■ What is required:
Exact copies of all the entries are required, and no pictures should appear in them.
= Beginning of Section =
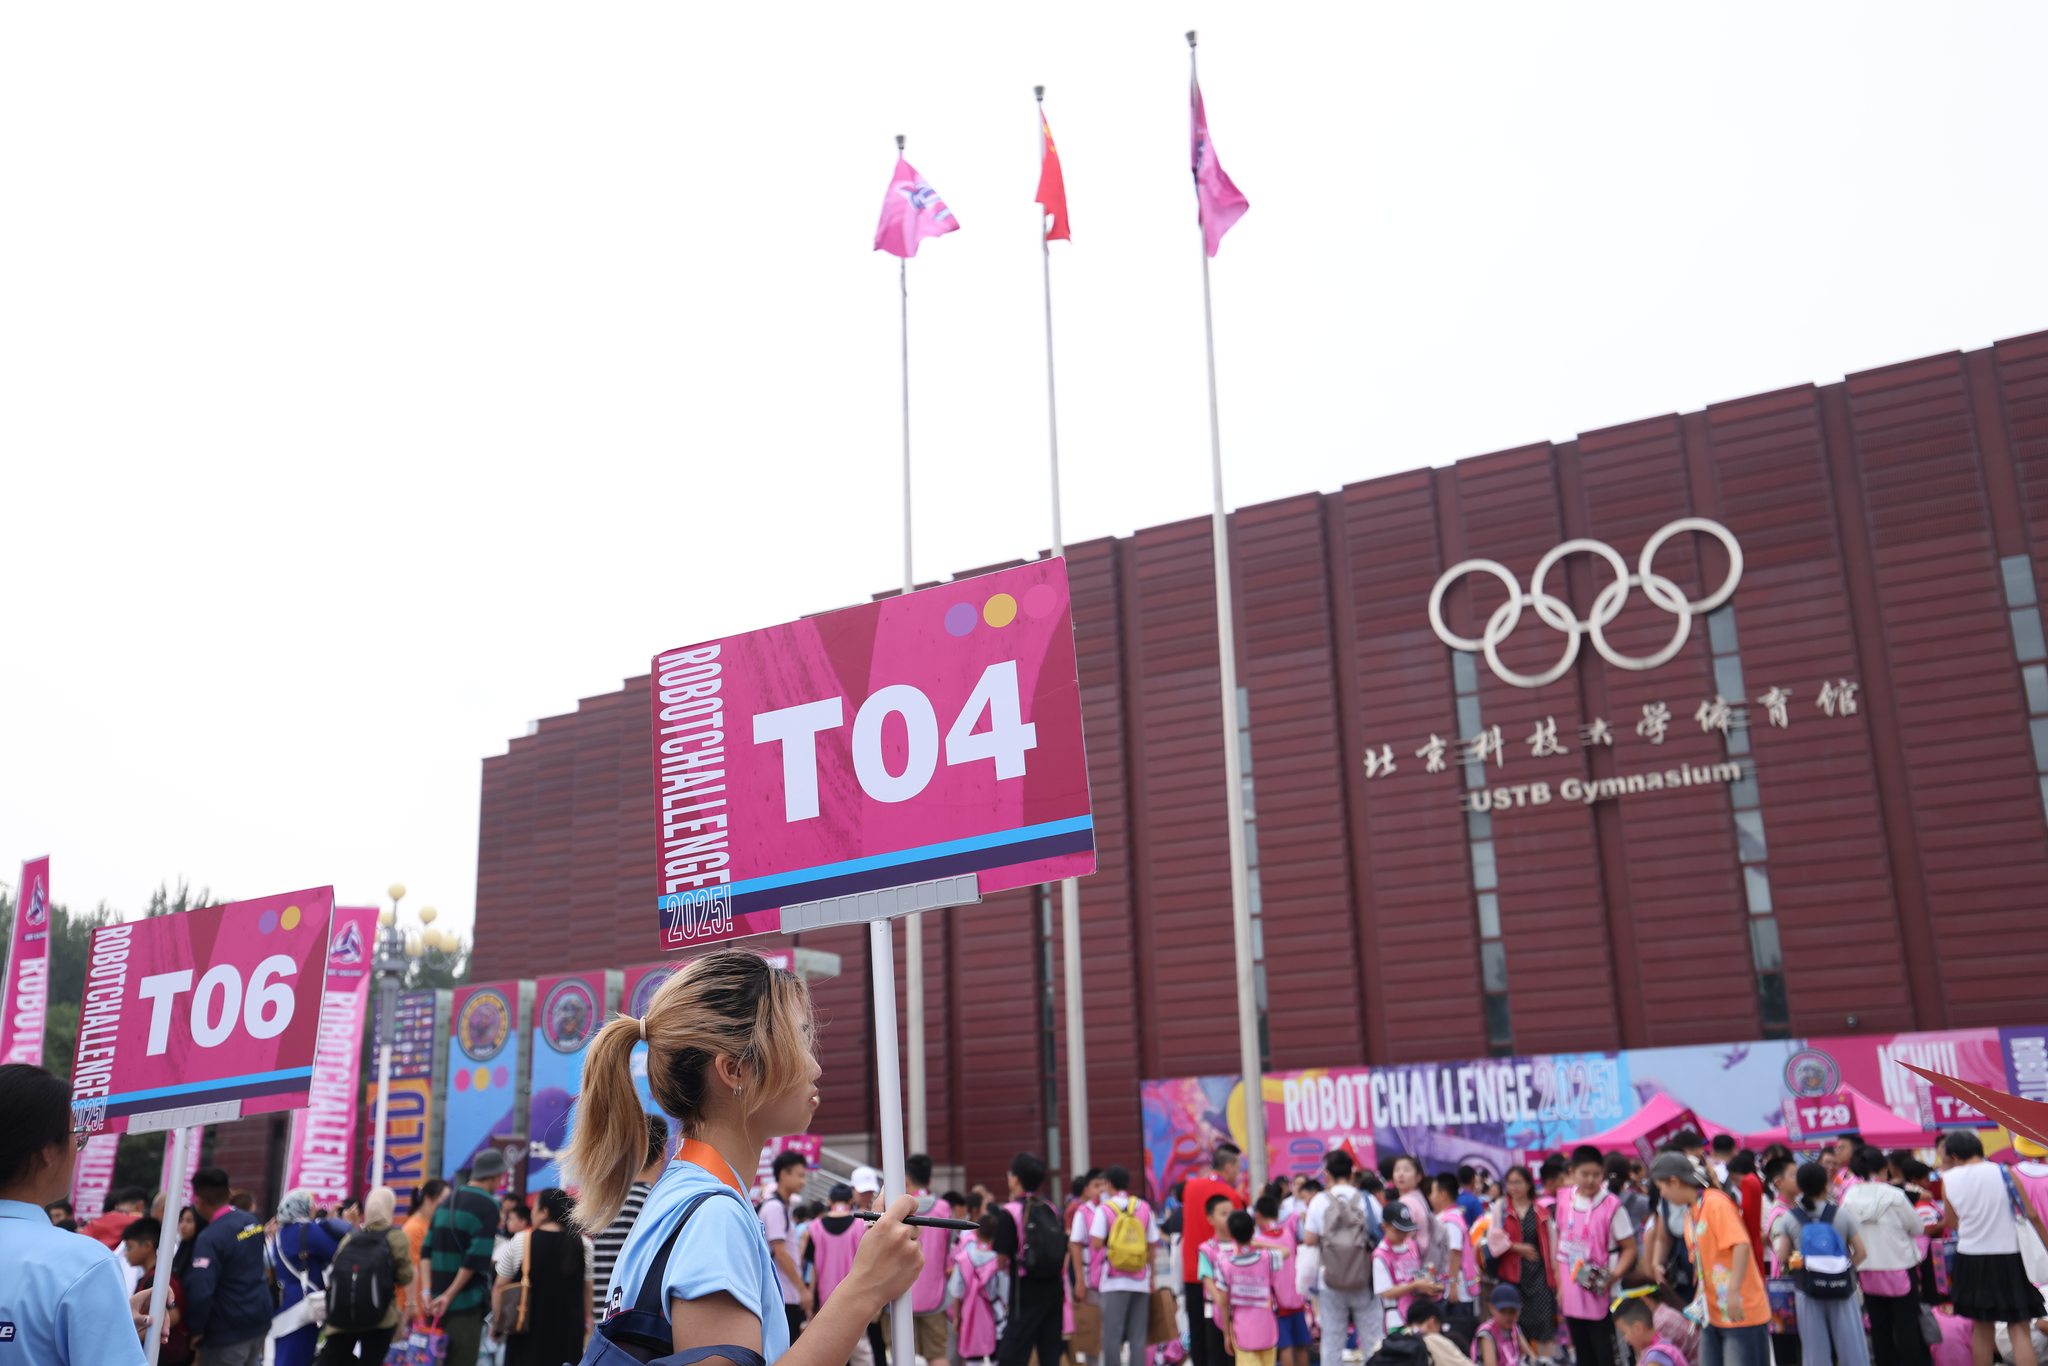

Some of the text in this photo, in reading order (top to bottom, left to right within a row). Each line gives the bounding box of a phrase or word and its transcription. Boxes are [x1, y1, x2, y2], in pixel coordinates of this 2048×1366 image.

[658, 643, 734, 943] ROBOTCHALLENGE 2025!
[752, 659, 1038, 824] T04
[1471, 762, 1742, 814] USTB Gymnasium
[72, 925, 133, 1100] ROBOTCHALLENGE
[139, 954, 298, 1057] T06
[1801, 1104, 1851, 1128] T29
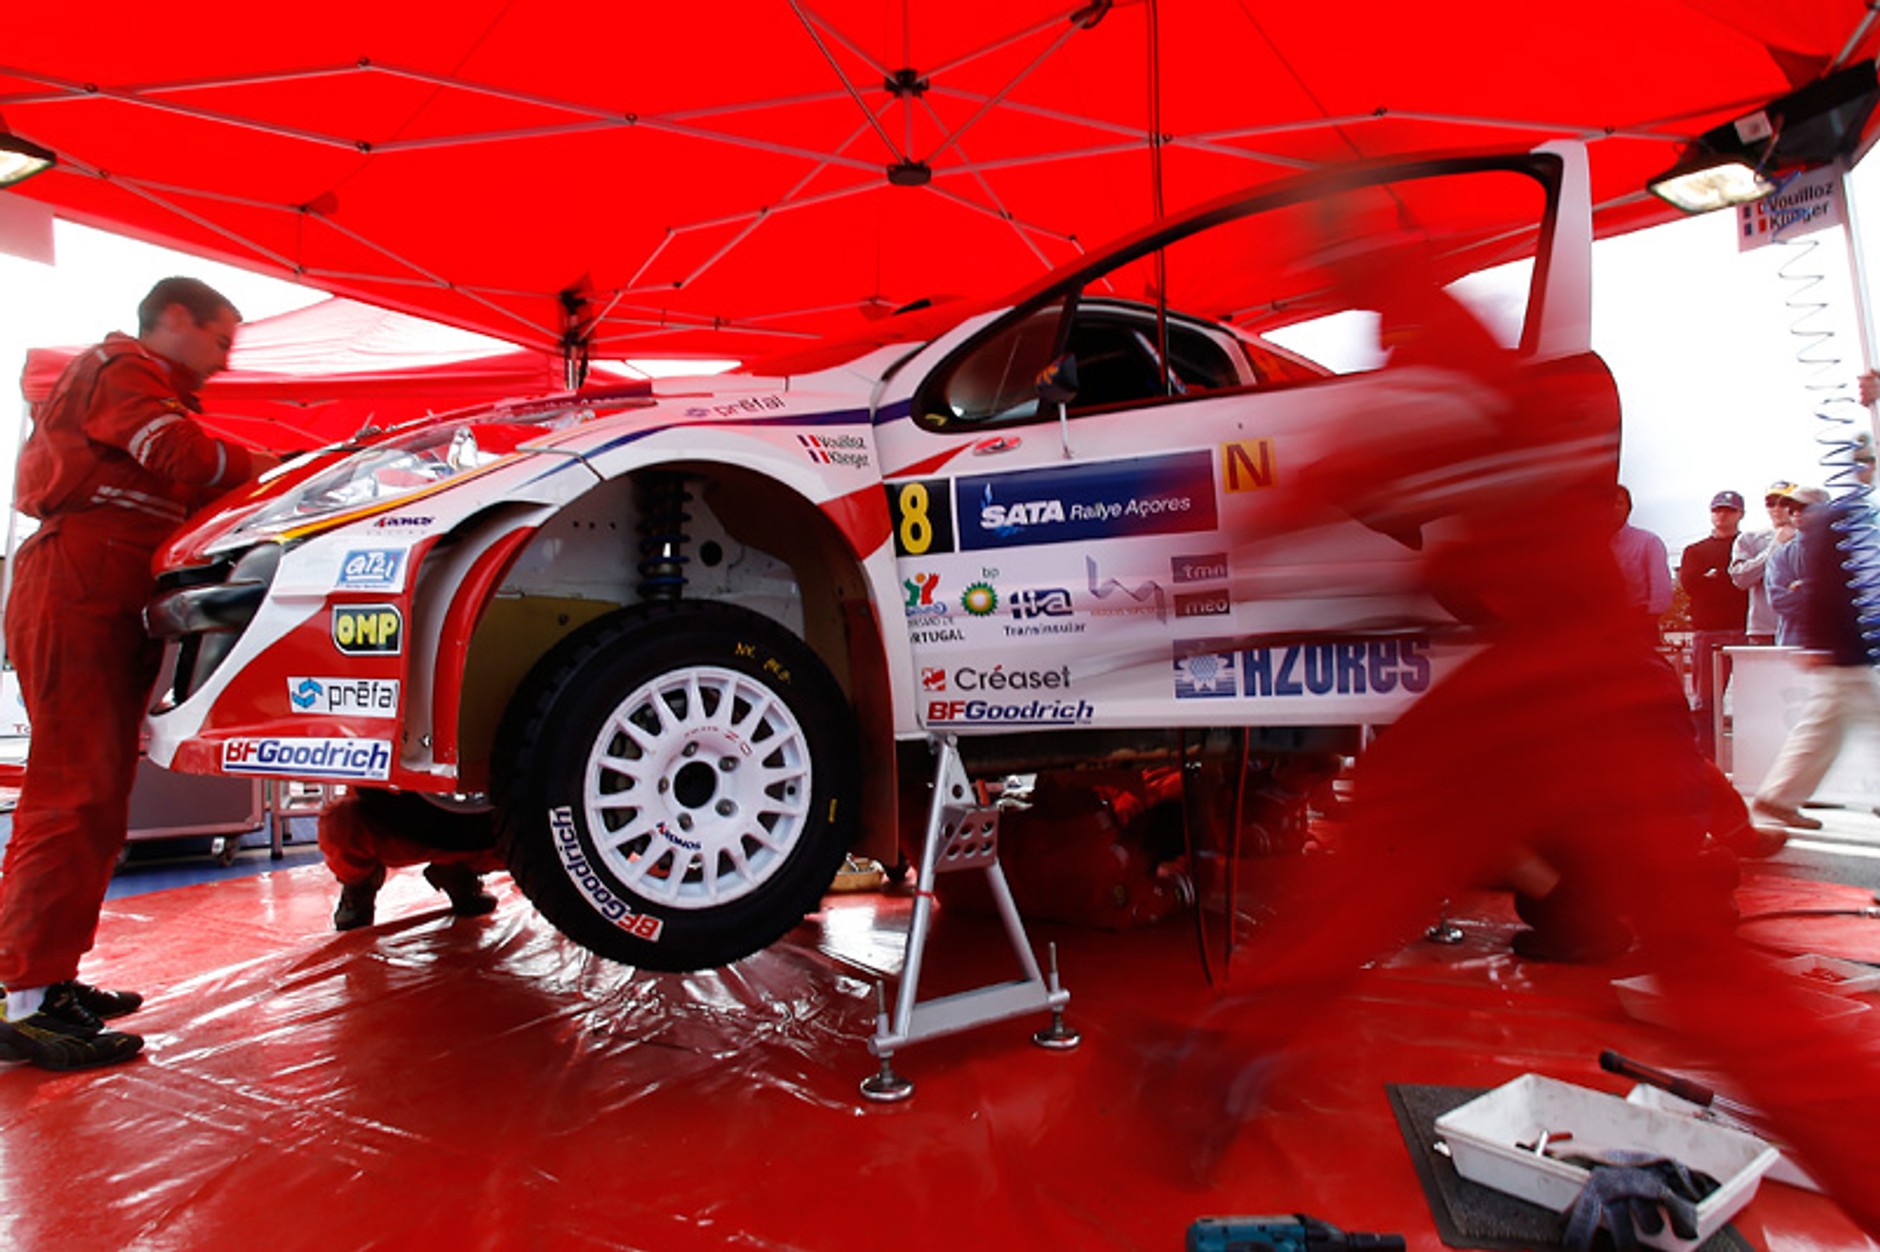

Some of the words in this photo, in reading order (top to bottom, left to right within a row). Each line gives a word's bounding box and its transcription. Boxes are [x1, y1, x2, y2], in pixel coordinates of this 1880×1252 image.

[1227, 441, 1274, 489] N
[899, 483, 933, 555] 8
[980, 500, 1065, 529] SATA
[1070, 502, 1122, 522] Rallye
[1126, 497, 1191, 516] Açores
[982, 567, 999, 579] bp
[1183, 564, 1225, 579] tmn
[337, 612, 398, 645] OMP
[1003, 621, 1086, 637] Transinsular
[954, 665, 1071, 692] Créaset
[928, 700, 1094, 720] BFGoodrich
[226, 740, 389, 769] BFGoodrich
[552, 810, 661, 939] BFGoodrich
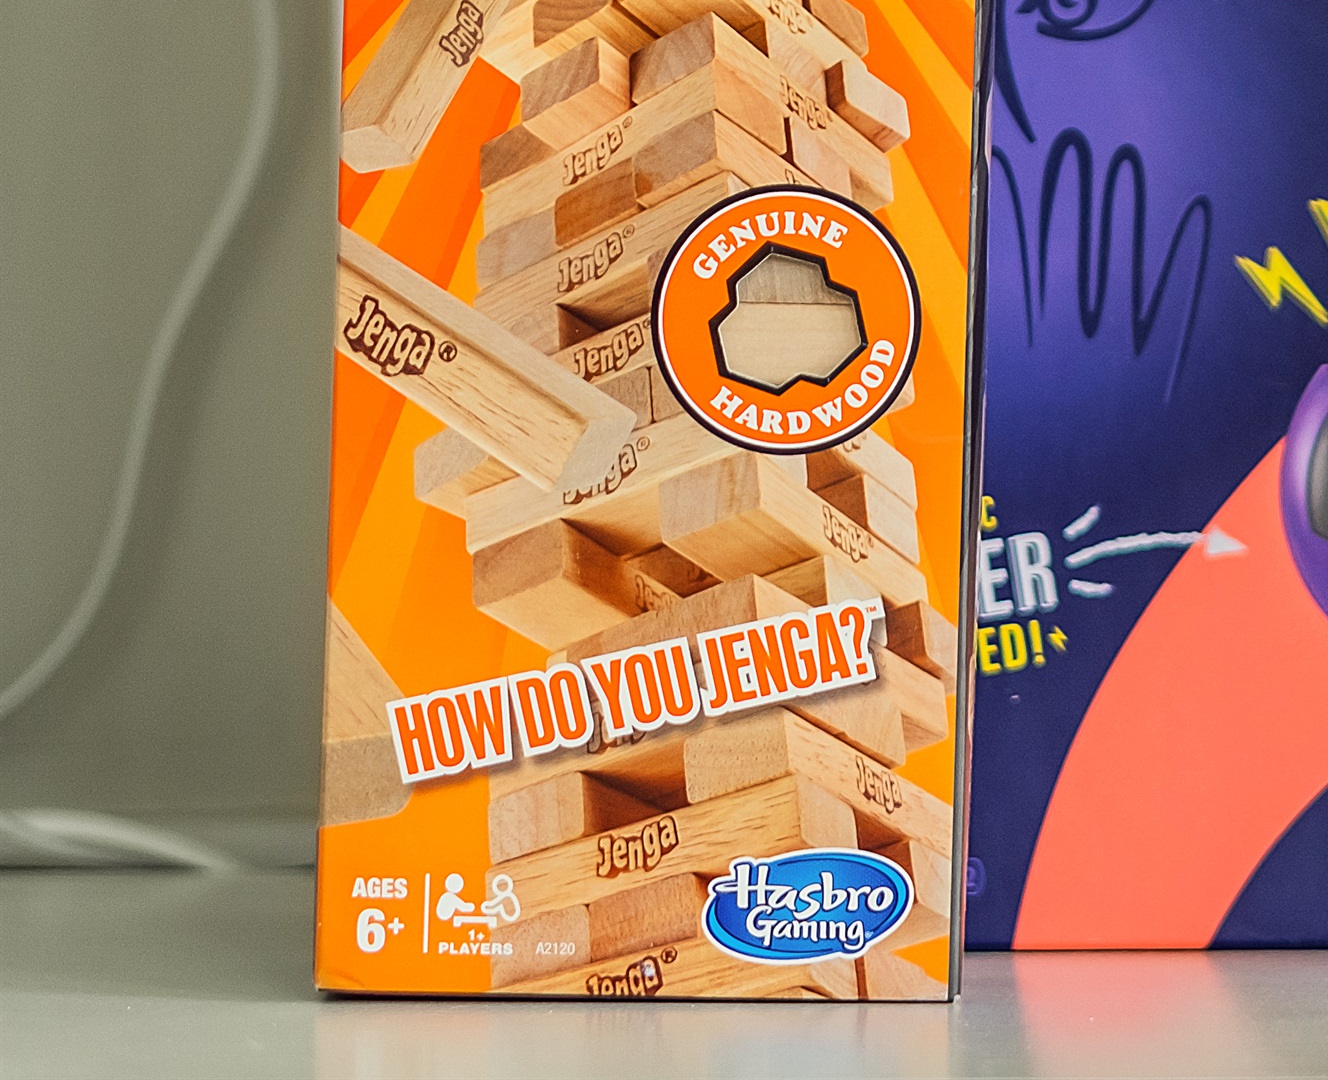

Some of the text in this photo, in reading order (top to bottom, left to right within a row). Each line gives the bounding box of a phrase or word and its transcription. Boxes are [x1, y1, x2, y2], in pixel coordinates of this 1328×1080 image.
= End of Section =
■ Completed task:
Some of the text in this photo, in reading order (top to bottom, left to right within a row). Each line gives the bounding box of a phrase or word and its transcription. Boxes are [x1, y1, x2, y2], in pixel coordinates of this 2048×1366 image.

[658, 643, 734, 943] ROBOTCHALLENGE 2025!
[752, 659, 1038, 824] T04
[1471, 762, 1742, 814] USTB Gymnasium
[72, 925, 133, 1100] ROBOTCHALLENGE
[139, 954, 298, 1057] T06
[1801, 1104, 1851, 1128] T29

Some of the words in this photo, in reading order (top to bottom, left to right within a row). Each line gives a word's bounding box and its transcription. Boxes are [x1, y1, x2, y2], in pixel coordinates of this 1880×1252 image.

[1227, 441, 1274, 489] N
[899, 483, 933, 555] 8
[980, 500, 1065, 529] SATA
[1070, 502, 1122, 522] Rallye
[1126, 497, 1191, 516] Açores
[982, 567, 999, 579] bp
[1183, 564, 1225, 579] tmn
[337, 612, 398, 645] OMP
[1003, 621, 1086, 637] Transinsular
[954, 665, 1071, 692] Créaset
[928, 700, 1094, 720] BFGoodrich
[226, 740, 389, 769] BFGoodrich
[552, 810, 661, 939] BFGoodrich

Some of the text in this photo, in reading order (top to bottom, left to right within a row). Each line gives the bounding box of a phrase or word and its transcription. Boxes are [x1, y1, x2, y2], in pixel coordinates of this 1328×1080 image.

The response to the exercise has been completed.